* Your goal:
Copy each line below exactly as it appears. Pictures are to be omitted.

----- Exercise materials

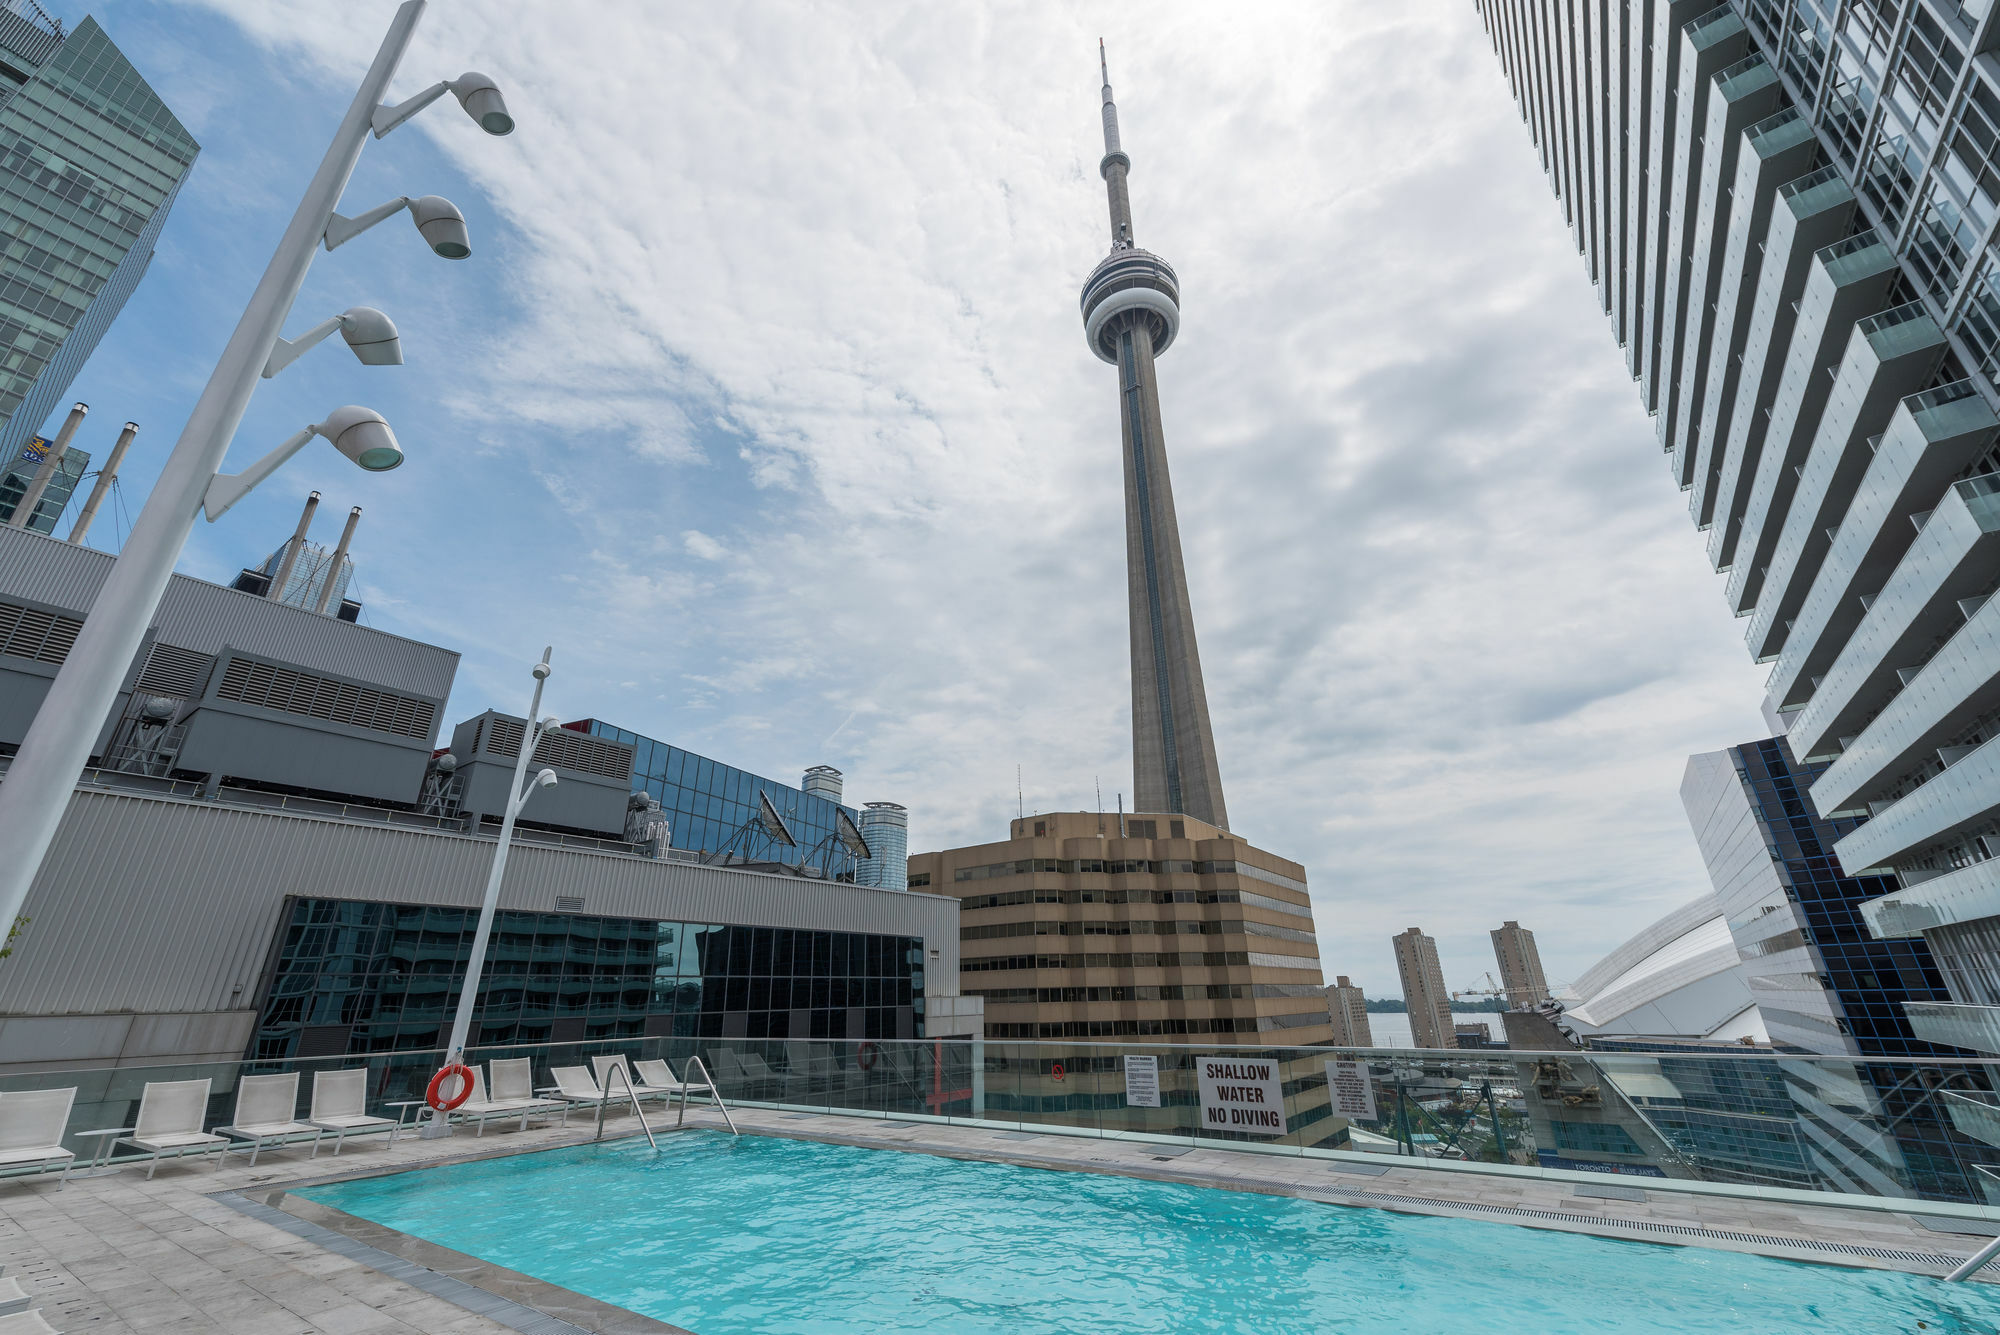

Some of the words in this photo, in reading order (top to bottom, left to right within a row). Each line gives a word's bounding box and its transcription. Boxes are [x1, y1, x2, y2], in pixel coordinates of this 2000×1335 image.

[1206, 1063, 1270, 1081] SHALLOW
[1216, 1085, 1265, 1103] WATER
[1208, 1106, 1227, 1124] NO
[1231, 1108, 1280, 1128] DIVING
[1575, 1164, 1611, 1173] TORONTO
[1619, 1167, 1637, 1175] BLUE
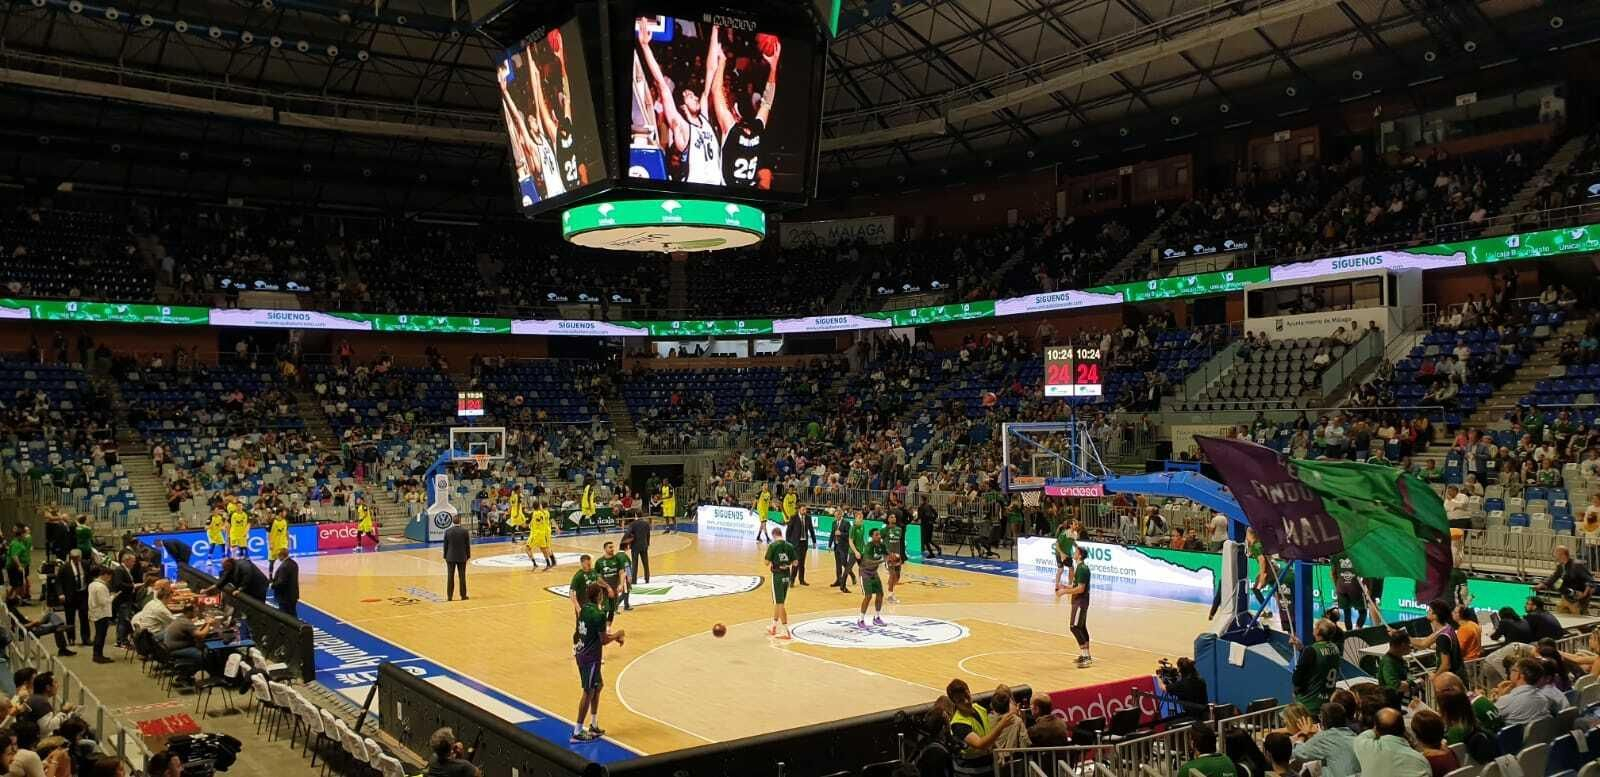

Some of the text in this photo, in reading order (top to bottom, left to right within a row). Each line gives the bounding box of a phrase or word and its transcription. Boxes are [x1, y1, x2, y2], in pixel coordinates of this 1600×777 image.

[1047, 350, 1073, 361] 10:24
[1076, 349, 1101, 360] 10:24
[1048, 363, 1071, 385] 24
[1077, 363, 1098, 385] 24
[1060, 485, 1098, 497] endesa
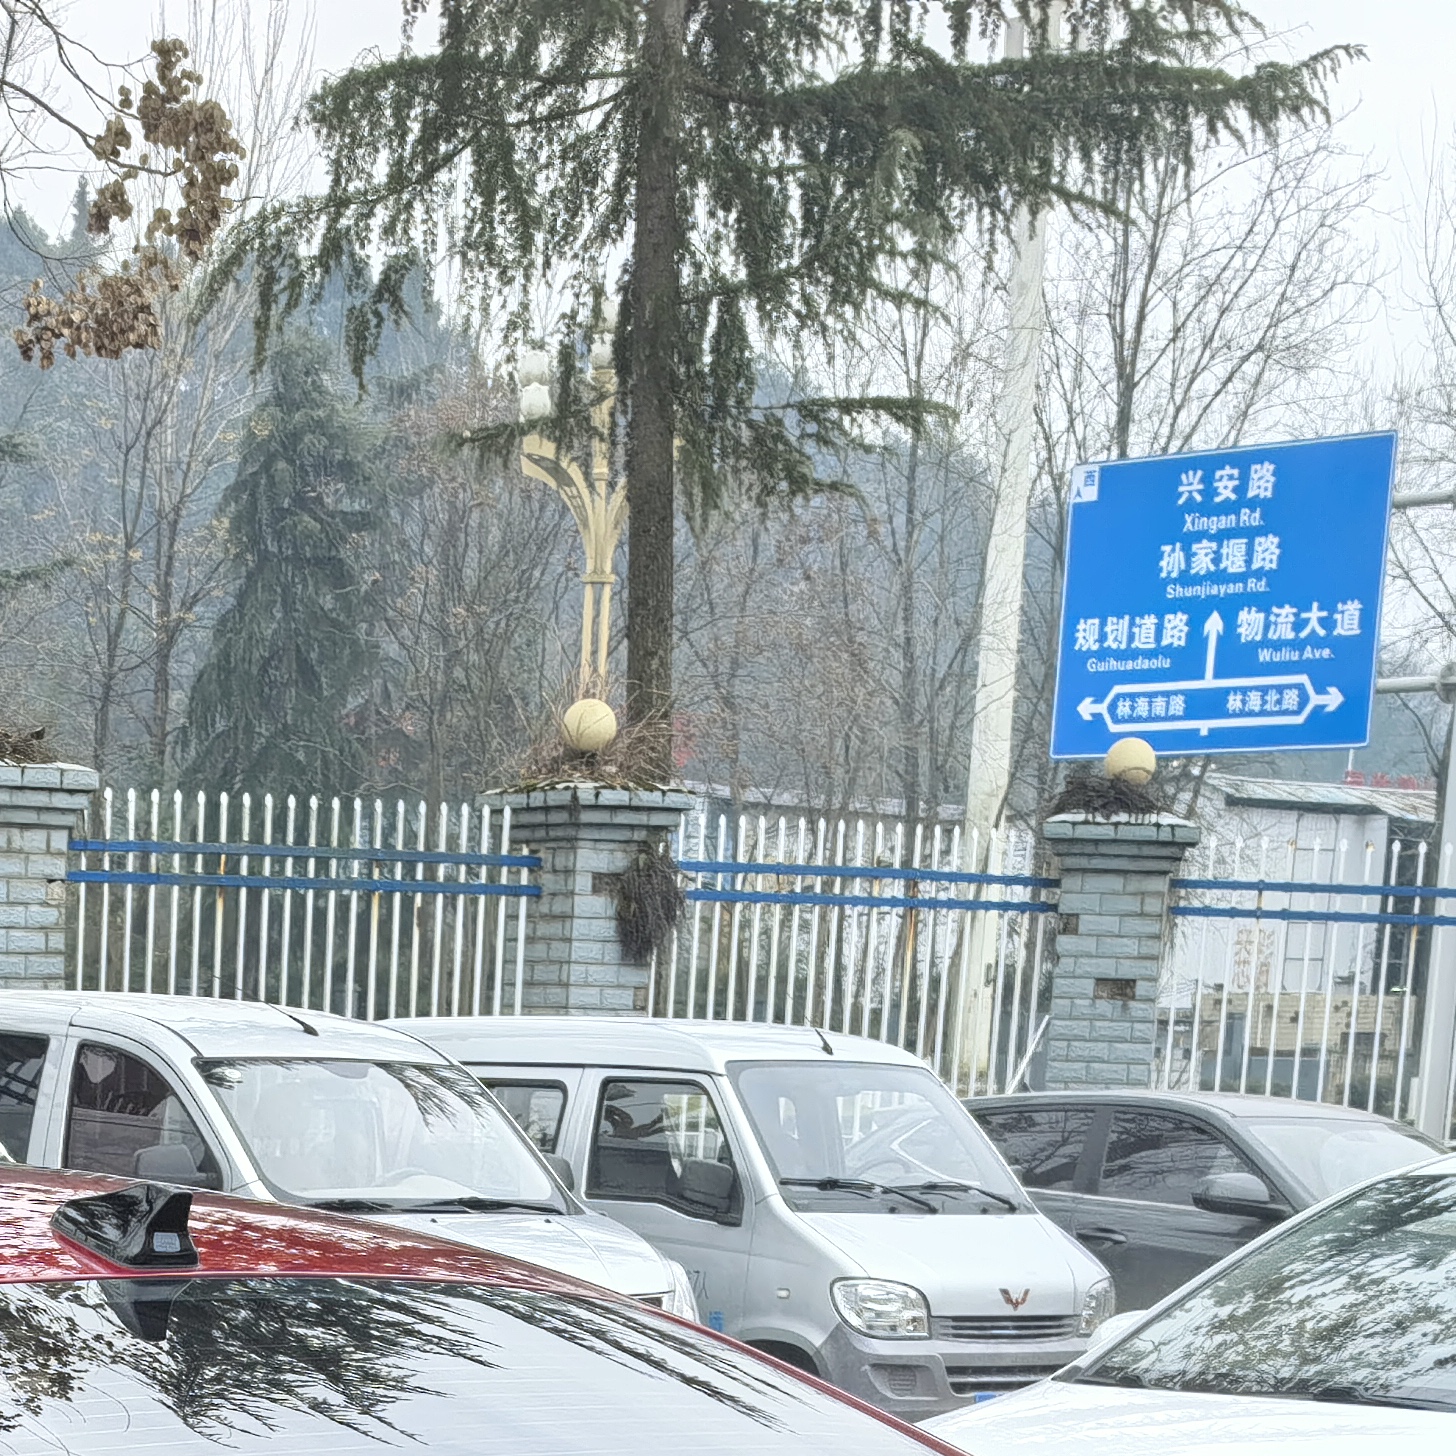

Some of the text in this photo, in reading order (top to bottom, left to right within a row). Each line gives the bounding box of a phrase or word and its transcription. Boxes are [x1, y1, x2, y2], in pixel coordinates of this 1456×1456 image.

[1177, 461, 1277, 505] 兴安路
[1183, 507, 1265, 534] Xingan Rd.
[1159, 533, 1281, 579] 孙家堰路
[1247, 576, 1270, 592] Rd.
[1074, 611, 1189, 651] 规划道路
[1236, 598, 1363, 643] 物流大道
[1087, 654, 1171, 672] Guihuadaolu
[1258, 644, 1335, 663] Wuliu Ave.
[1116, 694, 1186, 719] 林海南路
[1226, 688, 1300, 714] 林海北路

----------

* Reply:
Some of the words in this photo, in reading order (top to bottom, left to right within a row). Each line gives a word's bounding box and its transcription. Boxes are [x1, y1, x2, y2], in pixel coordinates of this 2000×1335 image.

[1206, 1063, 1270, 1081] SHALLOW
[1216, 1085, 1265, 1103] WATER
[1208, 1106, 1227, 1124] NO
[1231, 1108, 1280, 1128] DIVING
[1575, 1164, 1611, 1173] TORONTO
[1619, 1167, 1637, 1175] BLUE

Some of the text in this photo, in reading order (top to bottom, left to right within a row). Each line gives the bounding box of a phrase or word and its transcription. Boxes are [x1, y1, x2, y2], in pixel coordinates of this 1600×777 image.

[1047, 350, 1073, 361] 10:24
[1076, 349, 1101, 360] 10:24
[1048, 363, 1071, 385] 24
[1077, 363, 1098, 385] 24
[1060, 485, 1098, 497] endesa

Some of the text in this photo, in reading order (top to bottom, left to right within a row). Each line gives the bounding box of a phrase or word and its transcription. Boxes are [x1, y1, x2, y2], in pixel coordinates of this 1456×1456 image.

[1177, 461, 1277, 505] 兴安路
[1183, 507, 1265, 534] Xingan Rd.
[1159, 533, 1281, 579] 孙家堰路
[1247, 576, 1270, 592] Rd.
[1074, 611, 1189, 651] 规划道路
[1236, 598, 1363, 643] 物流大道
[1087, 654, 1171, 672] Guihuadaolu
[1258, 644, 1335, 663] Wuliu Ave.
[1116, 694, 1186, 719] 林海南路
[1226, 688, 1300, 714] 林海北路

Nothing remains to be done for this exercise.